The characters are, with one of two exceptions, multi-dimensional. Not, just Emmaline and Owen, though, I loved them both, but Emmaline's father, Griffin, the Peddler, and even Henry (the one eyed man). I liked Emmaline as a main character. She is spunky and willing to push through all the hardships she is confronted by. Owen is adorable. I especially liked that he wasn't the drop dead gorgeous guy that Emmaline started the story liking. Instead, he's sort of the boy next door. Lots of girls like him, but he is realistic.
The book moves pretty quickly. Just as I got settled in one place, something would happen to switch things up. I was thrown for a minute when Owen's point of view suddenly appeared, but I liked it (so now you are warned, there are two points of view in this book. Be prepared). It helped increase the tension, because now you have two main characters to worry about. Plus it's fun to meet the same people from two different points of view.
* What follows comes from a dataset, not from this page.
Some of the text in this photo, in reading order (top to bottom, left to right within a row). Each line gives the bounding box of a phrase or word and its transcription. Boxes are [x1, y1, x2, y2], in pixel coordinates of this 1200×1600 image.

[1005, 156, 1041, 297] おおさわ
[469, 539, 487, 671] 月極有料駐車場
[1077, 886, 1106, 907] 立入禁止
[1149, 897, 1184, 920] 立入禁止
Don't get me wrong, Griffin will always remind me of a redheaded Gaston (though he becomes much more sympathetic then that character ever did), but I liked seeing him from a girl's point of view vs. a guy's.
Now to address the chocolate issue. It sounds silly to say chocolate is worth more than gold, especially today. In fact, this is kind of what kept me from reading this weeks ago. But. This is the part of the story where you have to suspend your disbelief and remember this is a different world, a world with magic, and, apparently, no cocoa beans. The thing about the chocolate is, it doesn't really come across as regular chocolate. I'll happily admit that eating chocolate makes me happy, but it seems to do a bit more than that in this story. Not only is the chocolate magic, but it seems to make people happy more than chocolate here. And, really, in a world that only has access to chocolate through one girl, you can see how greed could make or destroy Emmaline.
This book is a delightful 3.5 stars. It's a fun, light read, built upon the bones of the ugly duckling story, but it's so much more. There were elements of Rumplestiltskin, but mostly it came off as it's own, fresh new fairy tale, and I really liked that.